Keep each entry exactly as written when you repeat it, and skip the images.

_Data shown:_
=-=-=-=-=

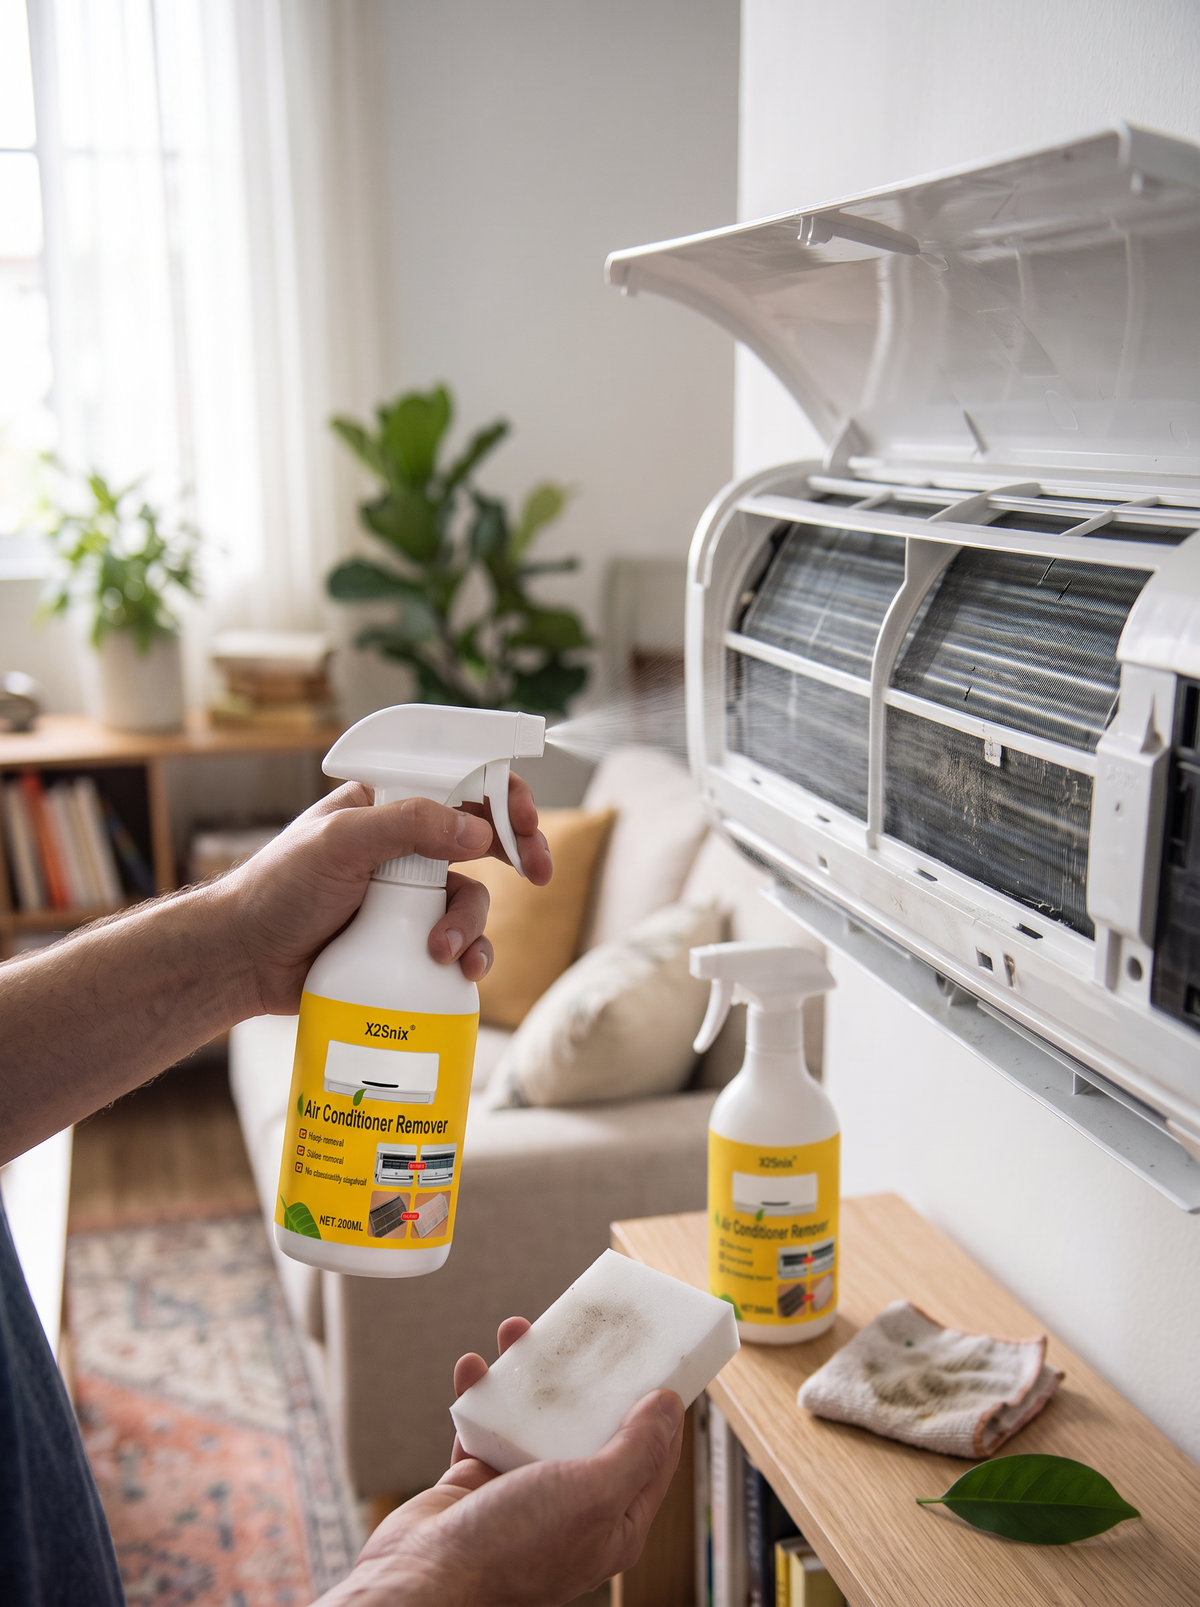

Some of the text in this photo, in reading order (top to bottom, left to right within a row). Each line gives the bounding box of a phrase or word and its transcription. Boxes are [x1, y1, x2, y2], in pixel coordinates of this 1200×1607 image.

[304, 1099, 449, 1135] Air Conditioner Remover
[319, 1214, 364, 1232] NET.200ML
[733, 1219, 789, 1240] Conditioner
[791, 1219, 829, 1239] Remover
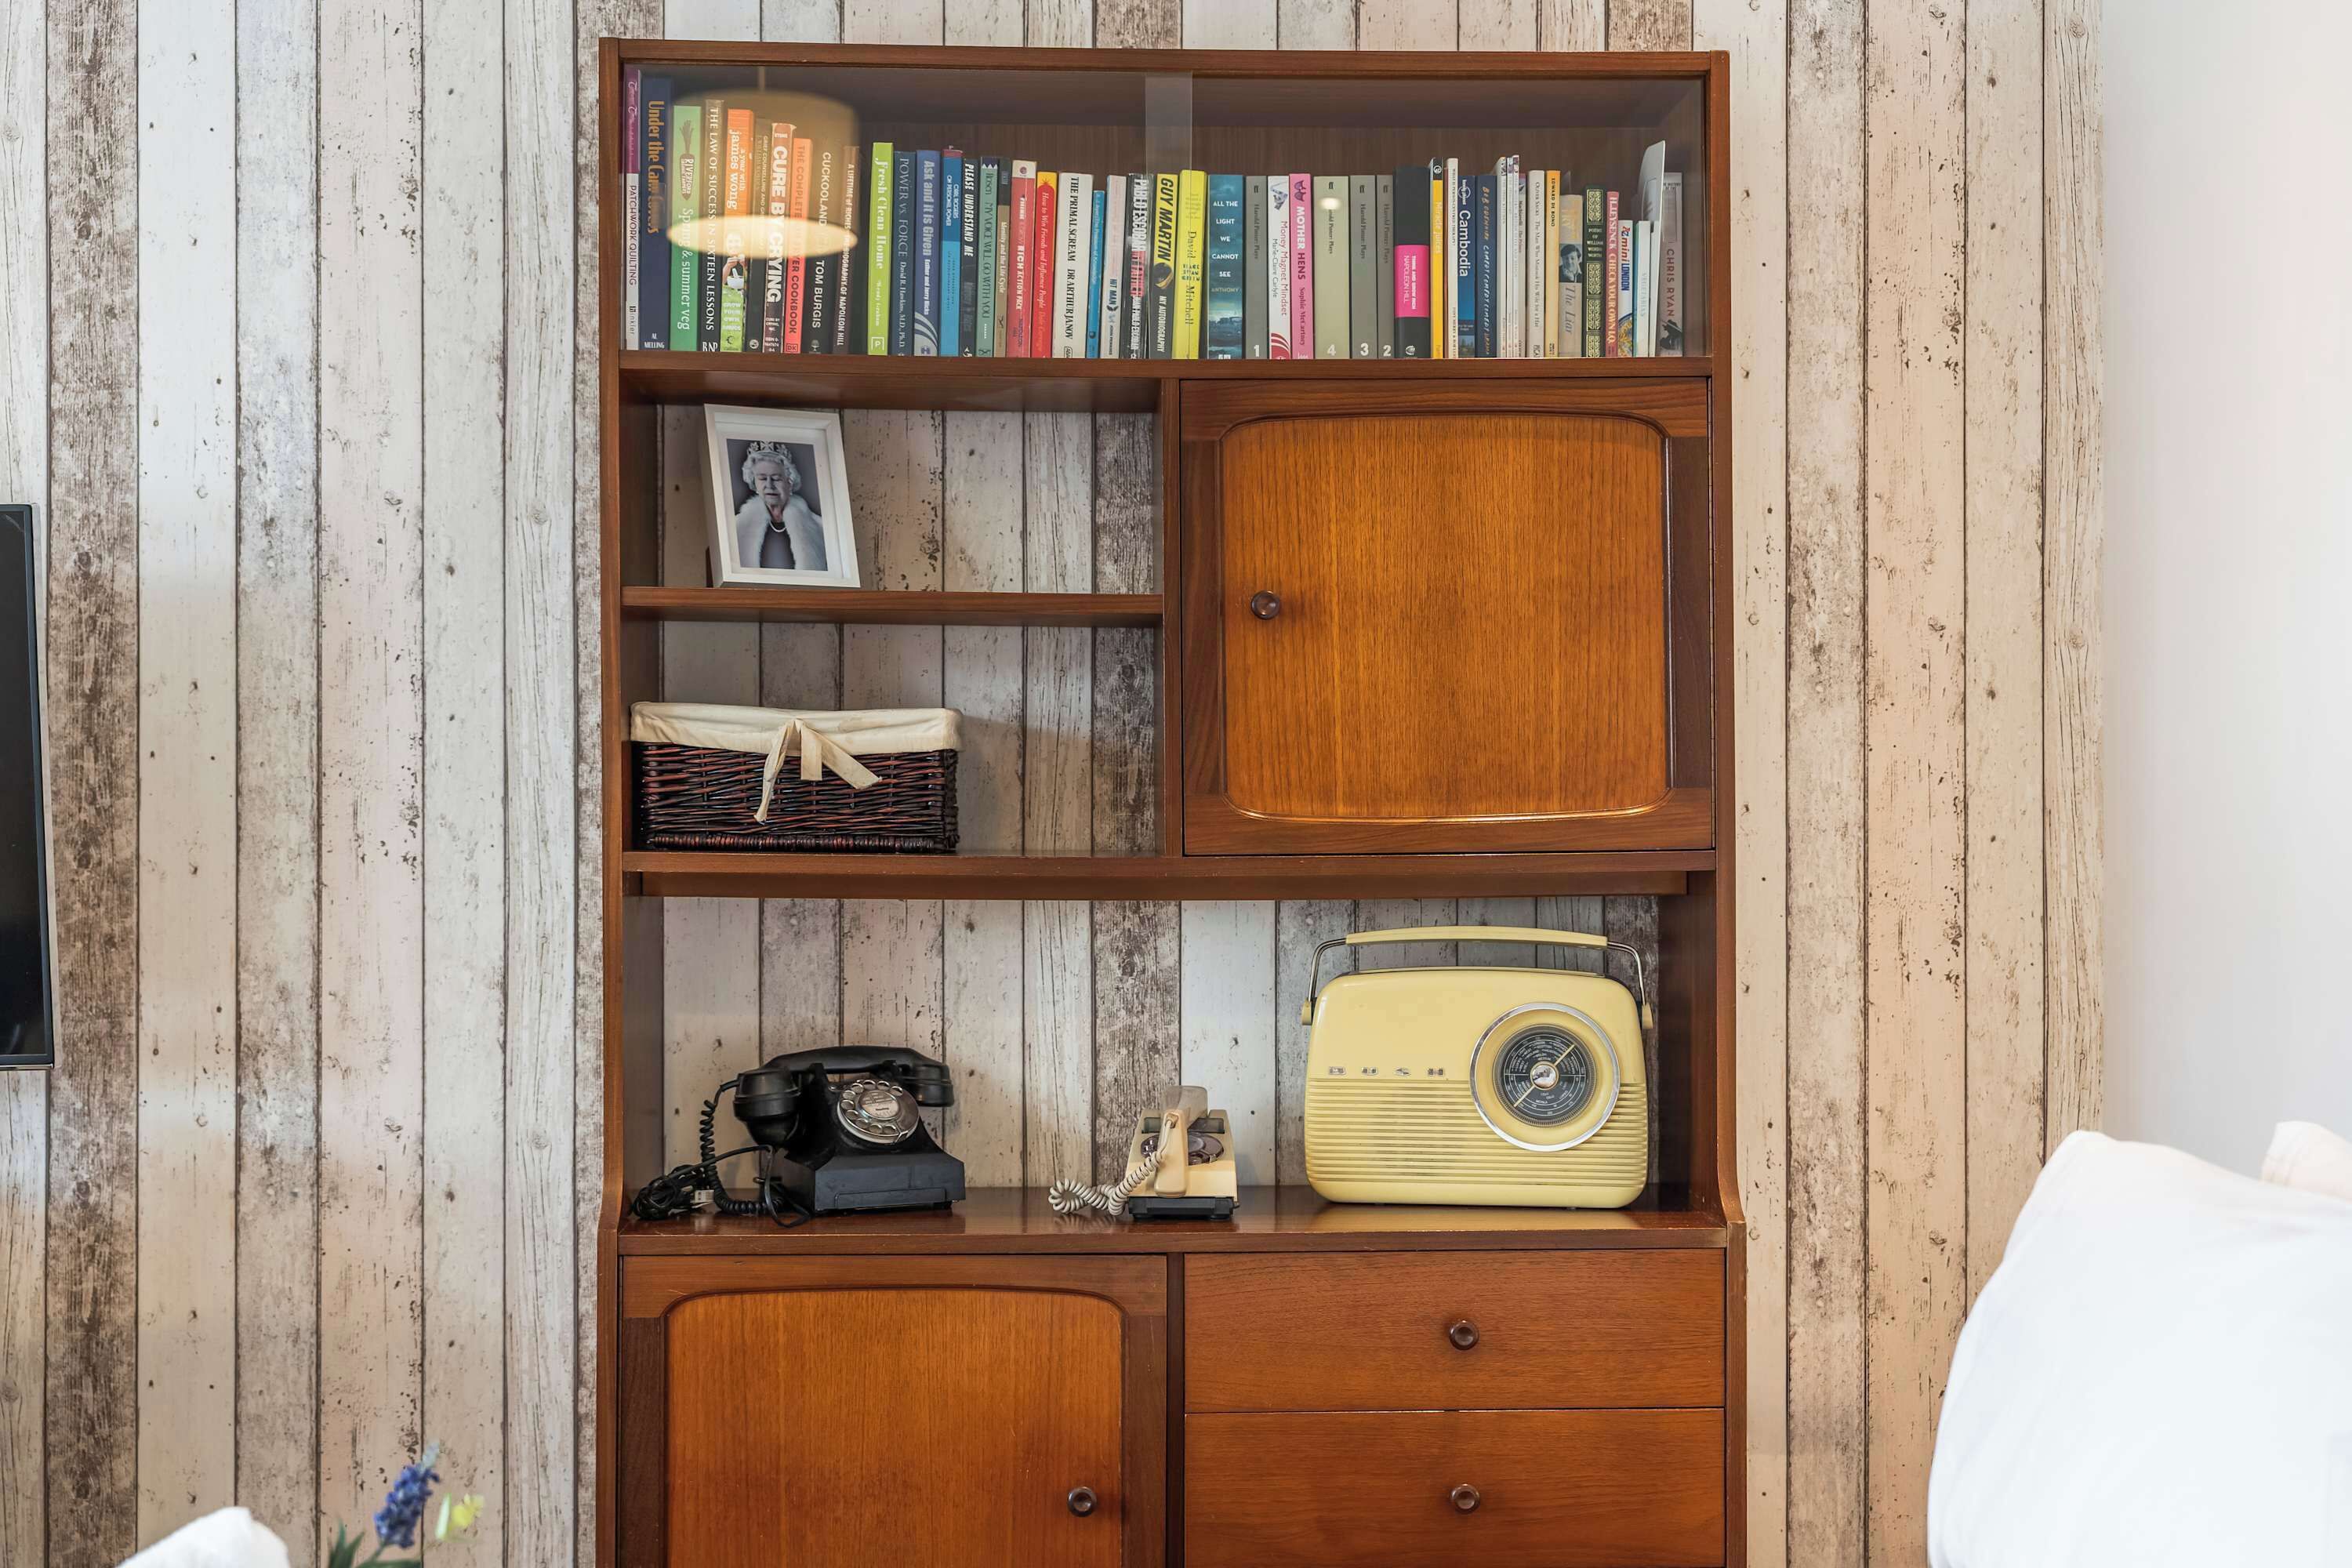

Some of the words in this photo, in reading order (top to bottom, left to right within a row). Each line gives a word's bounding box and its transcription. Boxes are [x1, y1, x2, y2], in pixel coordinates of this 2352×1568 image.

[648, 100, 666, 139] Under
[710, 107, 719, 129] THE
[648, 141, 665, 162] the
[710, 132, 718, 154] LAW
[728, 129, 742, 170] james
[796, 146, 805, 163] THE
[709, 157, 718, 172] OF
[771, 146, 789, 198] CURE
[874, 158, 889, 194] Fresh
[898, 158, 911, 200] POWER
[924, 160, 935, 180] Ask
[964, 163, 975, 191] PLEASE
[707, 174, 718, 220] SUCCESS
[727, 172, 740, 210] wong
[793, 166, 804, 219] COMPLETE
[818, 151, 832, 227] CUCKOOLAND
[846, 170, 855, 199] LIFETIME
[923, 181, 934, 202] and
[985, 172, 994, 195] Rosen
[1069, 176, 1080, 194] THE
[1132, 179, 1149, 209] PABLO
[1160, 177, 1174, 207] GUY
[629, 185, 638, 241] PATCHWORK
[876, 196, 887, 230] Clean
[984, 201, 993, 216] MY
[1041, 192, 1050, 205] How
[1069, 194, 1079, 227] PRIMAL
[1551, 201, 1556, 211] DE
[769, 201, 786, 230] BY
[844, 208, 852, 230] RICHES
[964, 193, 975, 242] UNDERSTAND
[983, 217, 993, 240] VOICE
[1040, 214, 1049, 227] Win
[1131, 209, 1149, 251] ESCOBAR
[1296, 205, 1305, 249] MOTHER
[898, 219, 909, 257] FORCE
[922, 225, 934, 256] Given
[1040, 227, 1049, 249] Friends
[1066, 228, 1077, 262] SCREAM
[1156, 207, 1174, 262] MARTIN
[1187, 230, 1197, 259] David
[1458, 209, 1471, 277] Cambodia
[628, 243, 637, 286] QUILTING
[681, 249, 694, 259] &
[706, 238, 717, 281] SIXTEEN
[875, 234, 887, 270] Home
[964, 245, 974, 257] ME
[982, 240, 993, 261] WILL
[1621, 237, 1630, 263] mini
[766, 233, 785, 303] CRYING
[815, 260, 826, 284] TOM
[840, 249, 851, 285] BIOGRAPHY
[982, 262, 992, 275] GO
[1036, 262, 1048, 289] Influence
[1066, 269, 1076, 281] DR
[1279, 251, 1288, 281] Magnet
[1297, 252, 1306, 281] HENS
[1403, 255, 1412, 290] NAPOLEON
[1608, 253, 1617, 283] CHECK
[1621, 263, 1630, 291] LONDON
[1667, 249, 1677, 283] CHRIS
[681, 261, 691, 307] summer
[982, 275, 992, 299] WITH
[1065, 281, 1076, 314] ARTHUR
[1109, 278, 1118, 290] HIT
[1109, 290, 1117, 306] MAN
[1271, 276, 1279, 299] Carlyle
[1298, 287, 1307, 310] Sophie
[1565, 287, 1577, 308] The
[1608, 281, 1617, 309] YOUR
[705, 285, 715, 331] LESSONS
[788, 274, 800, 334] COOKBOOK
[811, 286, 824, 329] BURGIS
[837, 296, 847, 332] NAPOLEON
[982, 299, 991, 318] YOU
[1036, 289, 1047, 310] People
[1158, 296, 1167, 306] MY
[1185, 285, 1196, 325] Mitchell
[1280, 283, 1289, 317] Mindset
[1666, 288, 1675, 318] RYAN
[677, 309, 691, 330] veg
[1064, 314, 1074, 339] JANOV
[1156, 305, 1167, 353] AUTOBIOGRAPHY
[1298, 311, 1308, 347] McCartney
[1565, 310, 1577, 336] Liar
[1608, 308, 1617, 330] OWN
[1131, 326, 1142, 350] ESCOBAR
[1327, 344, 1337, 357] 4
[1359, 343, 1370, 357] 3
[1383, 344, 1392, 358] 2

=-=-=-=-=

_Reply to the task:_
Some of the text in this photo, in reading order (top to bottom, left to right within a row). Each line gives the bounding box of a phrase or word and its transcription. Boxes are [x1, y1, x2, y2], in pixel coordinates of this 1200×1607 image.

[304, 1099, 449, 1135] Air Conditioner Remover
[319, 1214, 364, 1232] NET.200ML
[733, 1219, 789, 1240] Conditioner
[791, 1219, 829, 1239] Remover

Some of the words in this photo, in reading order (top to bottom, left to right within a row). Each line gives a word's bounding box and its transcription. Boxes are [x1, y1, x2, y2], in pixel coordinates of this 2352×1568 image.

[648, 100, 666, 139] Under
[710, 107, 719, 129] THE
[648, 141, 665, 162] the
[710, 132, 718, 154] LAW
[728, 129, 742, 170] james
[796, 146, 805, 163] THE
[709, 157, 718, 172] OF
[771, 146, 789, 198] CURE
[874, 158, 889, 194] Fresh
[898, 158, 911, 200] POWER
[924, 160, 935, 180] Ask
[964, 163, 975, 191] PLEASE
[707, 174, 718, 220] SUCCESS
[727, 172, 740, 210] wong
[793, 166, 804, 219] COMPLETE
[818, 151, 832, 227] CUCKOOLAND
[846, 170, 855, 199] LIFETIME
[923, 181, 934, 202] and
[985, 172, 994, 195] Rosen
[1069, 176, 1080, 194] THE
[1132, 179, 1149, 209] PABLO
[1160, 177, 1174, 207] GUY
[629, 185, 638, 241] PATCHWORK
[876, 196, 887, 230] Clean
[984, 201, 993, 216] MY
[1041, 192, 1050, 205] How
[1069, 194, 1079, 227] PRIMAL
[1551, 201, 1556, 211] DE
[769, 201, 786, 230] BY
[844, 208, 852, 230] RICHES
[964, 193, 975, 242] UNDERSTAND
[983, 217, 993, 240] VOICE
[1040, 214, 1049, 227] Win
[1131, 209, 1149, 251] ESCOBAR
[1296, 205, 1305, 249] MOTHER
[898, 219, 909, 257] FORCE
[922, 225, 934, 256] Given
[1040, 227, 1049, 249] Friends
[1066, 228, 1077, 262] SCREAM
[1156, 207, 1174, 262] MARTIN
[1187, 230, 1197, 259] David
[1458, 209, 1471, 277] Cambodia
[628, 243, 637, 286] QUILTING
[681, 249, 694, 259] &
[706, 238, 717, 281] SIXTEEN
[875, 234, 887, 270] Home
[964, 245, 974, 257] ME
[982, 240, 993, 261] WILL
[1621, 237, 1630, 263] mini
[766, 233, 785, 303] CRYING
[815, 260, 826, 284] TOM
[840, 249, 851, 285] BIOGRAPHY
[982, 262, 992, 275] GO
[1036, 262, 1048, 289] Influence
[1066, 269, 1076, 281] DR
[1279, 251, 1288, 281] Magnet
[1297, 252, 1306, 281] HENS
[1403, 255, 1412, 290] NAPOLEON
[1608, 253, 1617, 283] CHECK
[1621, 263, 1630, 291] LONDON
[1667, 249, 1677, 283] CHRIS
[681, 261, 691, 307] summer
[982, 275, 992, 299] WITH
[1065, 281, 1076, 314] ARTHUR
[1109, 278, 1118, 290] HIT
[1109, 290, 1117, 306] MAN
[1271, 276, 1279, 299] Carlyle
[1298, 287, 1307, 310] Sophie
[1565, 287, 1577, 308] The
[1608, 281, 1617, 309] YOUR
[705, 285, 715, 331] LESSONS
[788, 274, 800, 334] COOKBOOK
[811, 286, 824, 329] BURGIS
[837, 296, 847, 332] NAPOLEON
[982, 299, 991, 318] YOU
[1036, 289, 1047, 310] People
[1158, 296, 1167, 306] MY
[1185, 285, 1196, 325] Mitchell
[1280, 283, 1289, 317] Mindset
[1666, 288, 1675, 318] RYAN
[677, 309, 691, 330] veg
[1064, 314, 1074, 339] JANOV
[1156, 305, 1167, 353] AUTOBIOGRAPHY
[1298, 311, 1308, 347] McCartney
[1565, 310, 1577, 336] Liar
[1608, 308, 1617, 330] OWN
[1131, 326, 1142, 350] ESCOBAR
[1327, 344, 1337, 357] 4
[1359, 343, 1370, 357] 3
[1383, 344, 1392, 358] 2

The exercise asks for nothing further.